Conditional approval letter is not valid for regulatory approval

A trial sponsor has made an inquiry regarding a study approved by our EC, which is now closed. The sponsor would like to retrieve information from the medical records of patients who were early terminated from the study. This information is required to assist the sponsor in their response to questions from the regulatory authorities. Does this request require EC review? Would subjects need to be re-consented for this data collection?

As the study has been closed, and the sponsor needs additional information from the patient’s medical records that was not part of the study protocol, this additional data collection would be subject to EC review.

The subjects would need to be re-consented for this data collection as this is a new data collection that was not part of their informed consent

How do we determine conflict of interest for membership of EC?

In an institutional EC, all members except the independent member – chairperson -  who is from outside the institute, will by definition, have some conflict of interest since all will have a vested interest in the functioning of the institution where they are employed. However, individuals with a vested interest in a specific study - clinical investigators, sub-investigators, study staff, and spouses of all such study staff - would be considered to have a conflict large enough to require them to recuse themselves from any decisions on the study if they are a member of the EC. For all other real or potential conflicts, it is up to the discretion of the EC and/or the institution. The EC/ institution should have written policy/SOP for handling issues of conflict of interest.
 
In the absence of some documents, information/statements in the study protocol can EC accord conditional approval and allow them to submit the study protocol to CDSCO for approval?

The term conditional approval does not exist in regulations/ Schedule Y. When the EC gives conditional approval, it requires that the investigator should obtain regulatory approval before initiating the trial.

If any documents are not submitted/corrected, the EC cannot give approval. However, if an EC gives conditional approval, when some documents are not submitted/corrected, the letter of conditional approval is not valid for regulatory approval.

In practical terms, as the DCGI does not insist on submitting EC approval as part of the regulatory submission, the sponsor can submit regulatory application without waiting for EC approval.

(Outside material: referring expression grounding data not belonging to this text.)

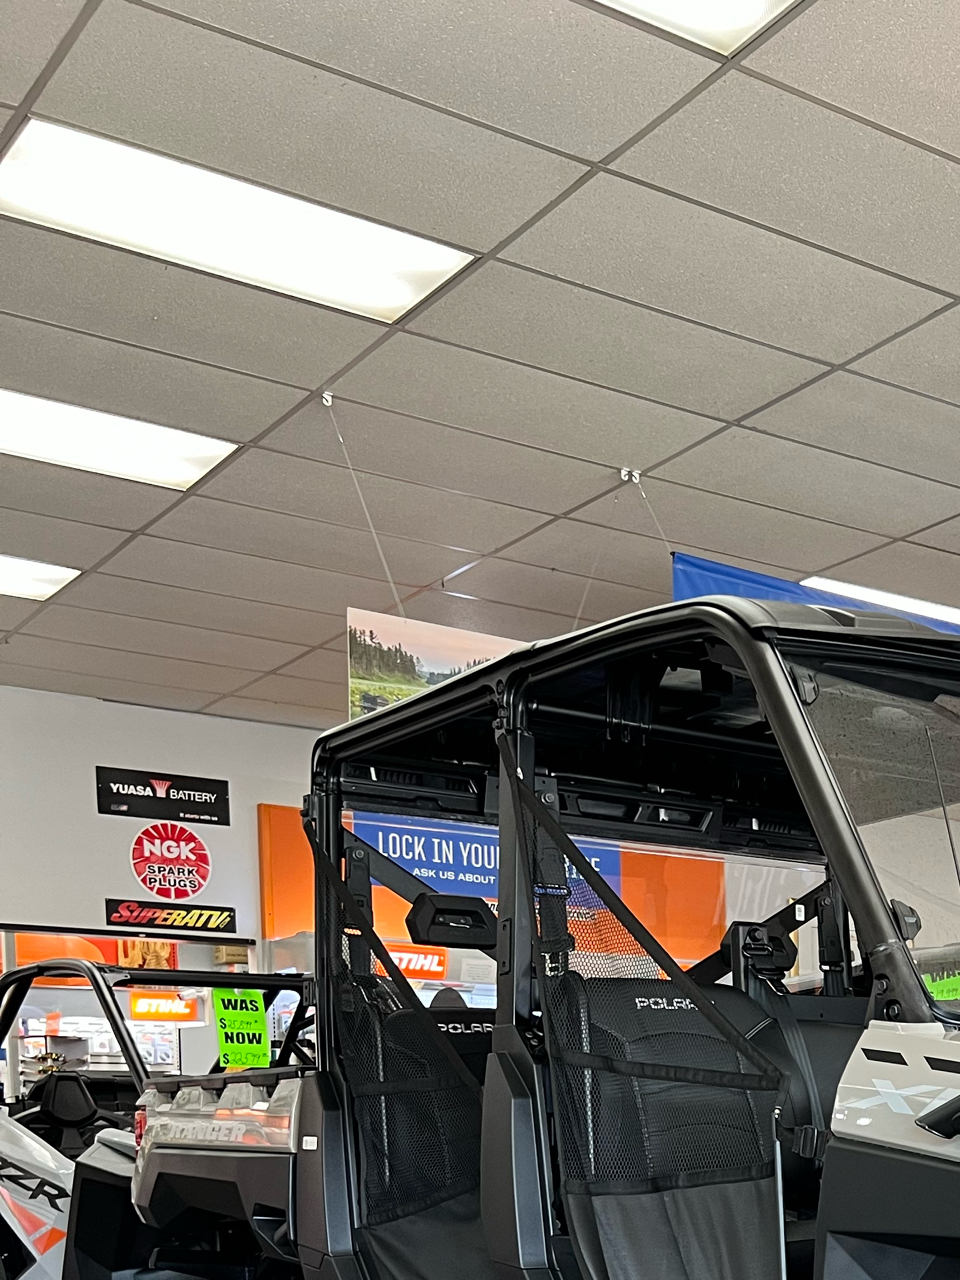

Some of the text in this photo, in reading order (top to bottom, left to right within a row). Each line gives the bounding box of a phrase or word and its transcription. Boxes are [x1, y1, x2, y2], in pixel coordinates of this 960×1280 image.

[110, 782, 217, 803] YUASA BATTERY
[143, 839, 197, 861] NGK
[378, 832, 499, 870] LOCK IN YOU
[147, 865, 196, 877] SPARK
[413, 867, 496, 885] ASK US ABOUT
[148, 877, 198, 889] PLUGS
[135, 998, 191, 1013] STIHL
[221, 998, 260, 1012] WAS
[635, 997, 700, 1011] POLAR
[224, 1032, 263, 1045] NOW
[169, 1123, 247, 1142] RANGER

Can CDSCO issue show cause notice to EC chairman in the first instance itself even without asking once before regarding discrepancies in the study protocol? What will be the type of action taken by CDSCO explanation given by EC is not satisfactory?

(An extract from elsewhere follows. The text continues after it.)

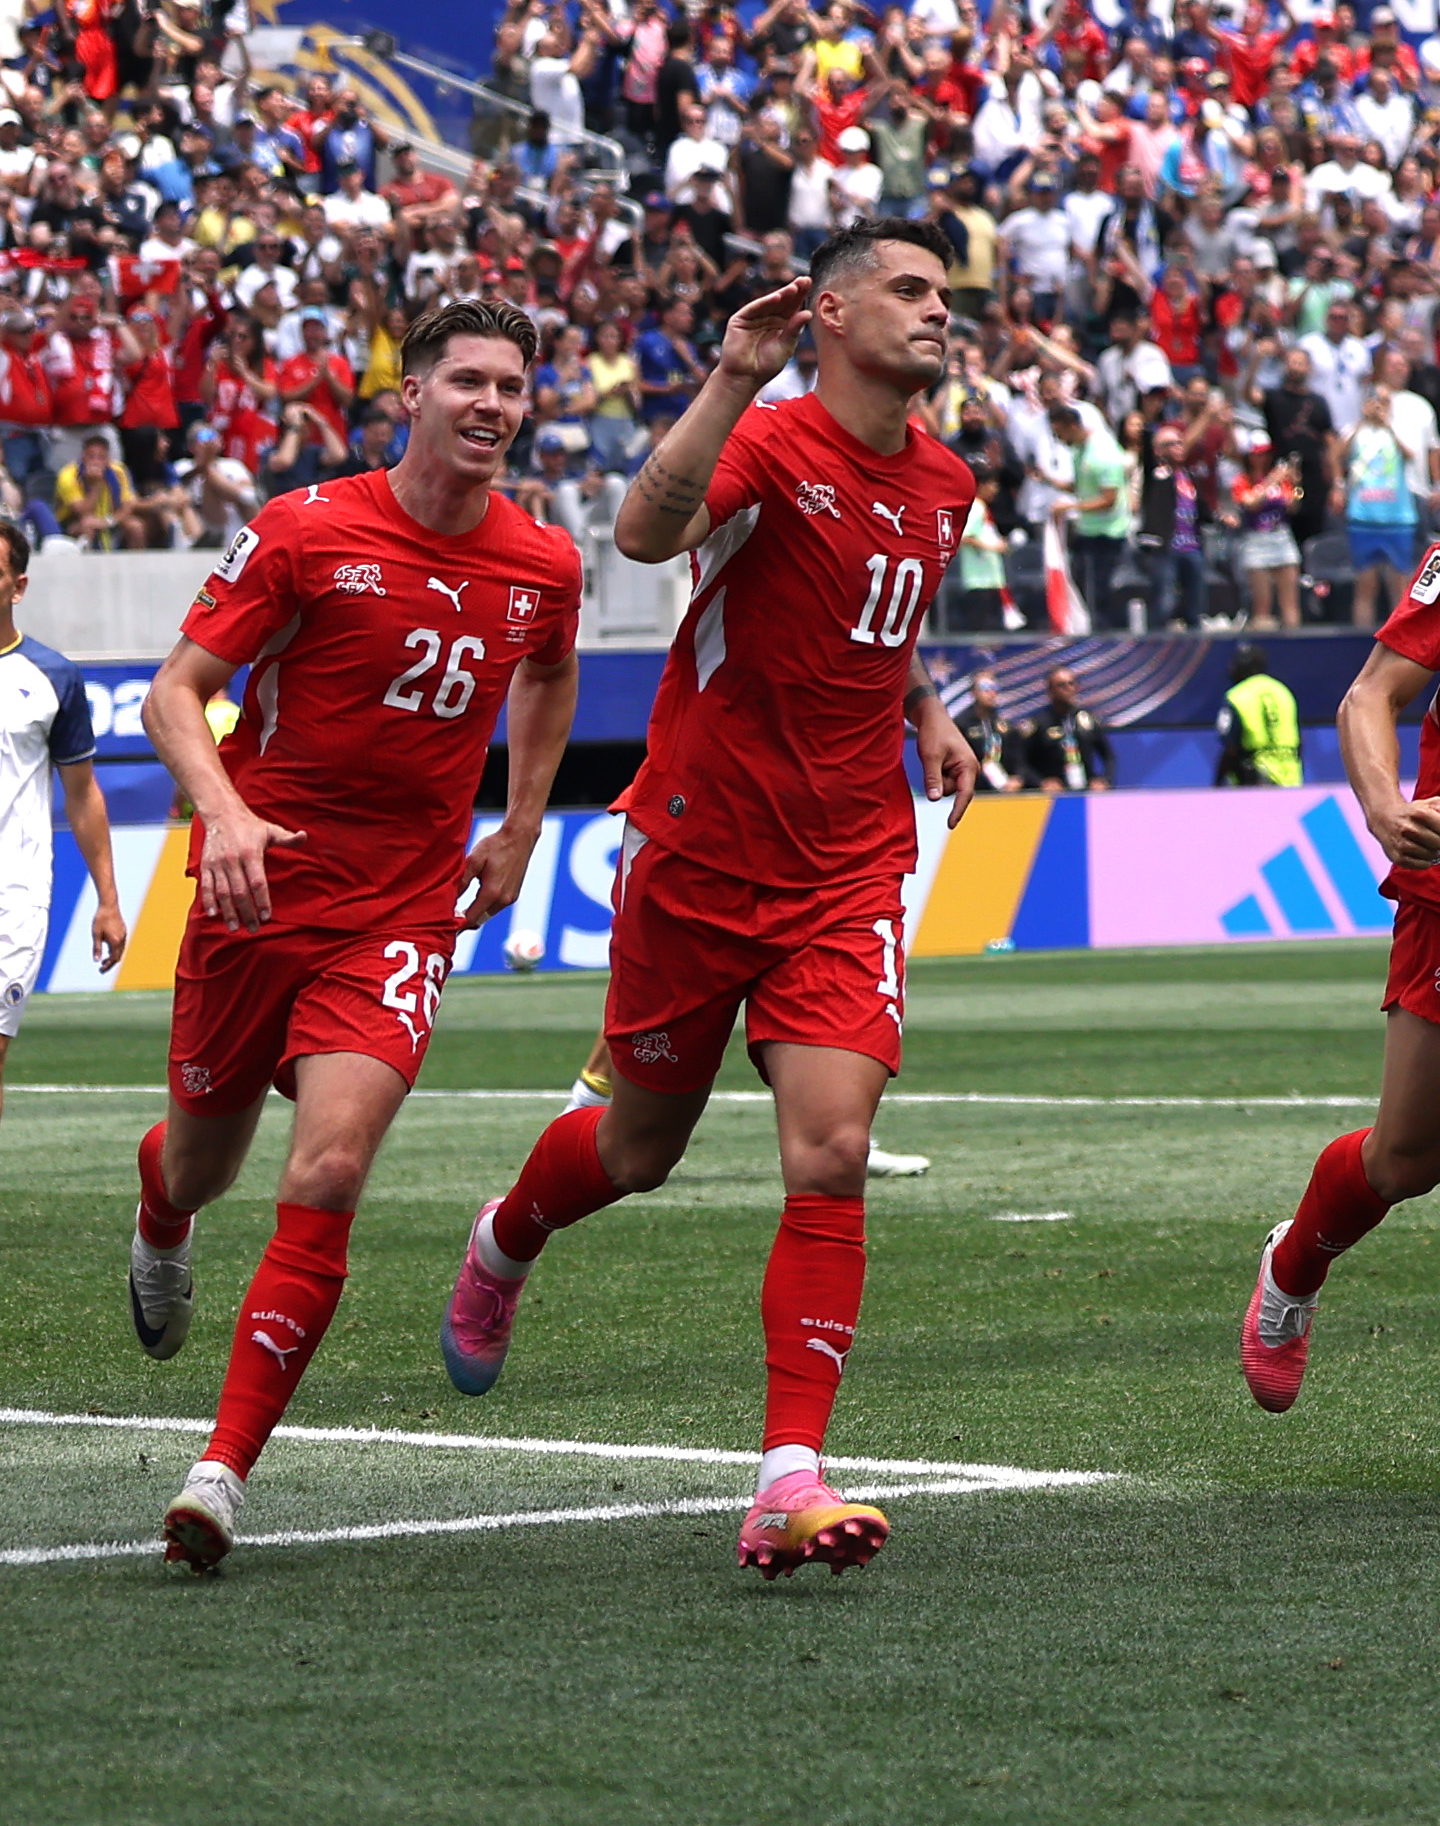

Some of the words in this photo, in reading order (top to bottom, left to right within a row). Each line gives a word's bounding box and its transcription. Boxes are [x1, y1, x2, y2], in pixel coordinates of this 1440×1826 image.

[850, 552, 924, 649] 10
[382, 627, 486, 719] 26
[379, 940, 446, 1030] 26
[873, 919, 905, 1000] 1

EC registration (122DD) stipulates as follows:
If the Ethics Committee fails to comply with any of the conditions of registration, the Licensing Authority may, after giving an opportunity to show cause why such an order should not be passed, by an order in writing stating the reasons therefore, suspend or cancel the registration of the Ethics Committee for such period as considered necessary.

I had a doubt with regard to DCGI submission. EC has conditionally approved 1st  version of a protocol subject to some changes. We had to amend the protocol two times and resubmit to EC for approval. Now which version needs to be submitted to DCGI? Should it be the 1st version or final version which has EC approval?

If you plan to submit a clinical trial application after EC approval, it is advisable to submit final version of protocol approved by the EC.